A word-for-word copy of the listing is needed. Retype it in full.

=== Begin Enclosure ===

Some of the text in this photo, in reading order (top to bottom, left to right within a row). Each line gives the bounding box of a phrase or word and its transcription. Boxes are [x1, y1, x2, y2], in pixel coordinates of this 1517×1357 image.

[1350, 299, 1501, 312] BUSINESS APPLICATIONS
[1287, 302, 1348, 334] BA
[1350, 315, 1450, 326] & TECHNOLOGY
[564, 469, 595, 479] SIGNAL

=== End Enclosure ===

- Answer:
Some of the text in this photo, in reading order (top to bottom, left to right within a row). Each line gives the bounding box of a phrase or word and its transcription. Boxes are [x1, y1, x2, y2], in pixel coordinates of this 1517×1357 image.

[1350, 299, 1501, 312] BUSINESS APPLICATIONS
[1287, 302, 1348, 334] BA
[1350, 315, 1450, 326] & TECHNOLOGY
[564, 469, 595, 479] SIGNAL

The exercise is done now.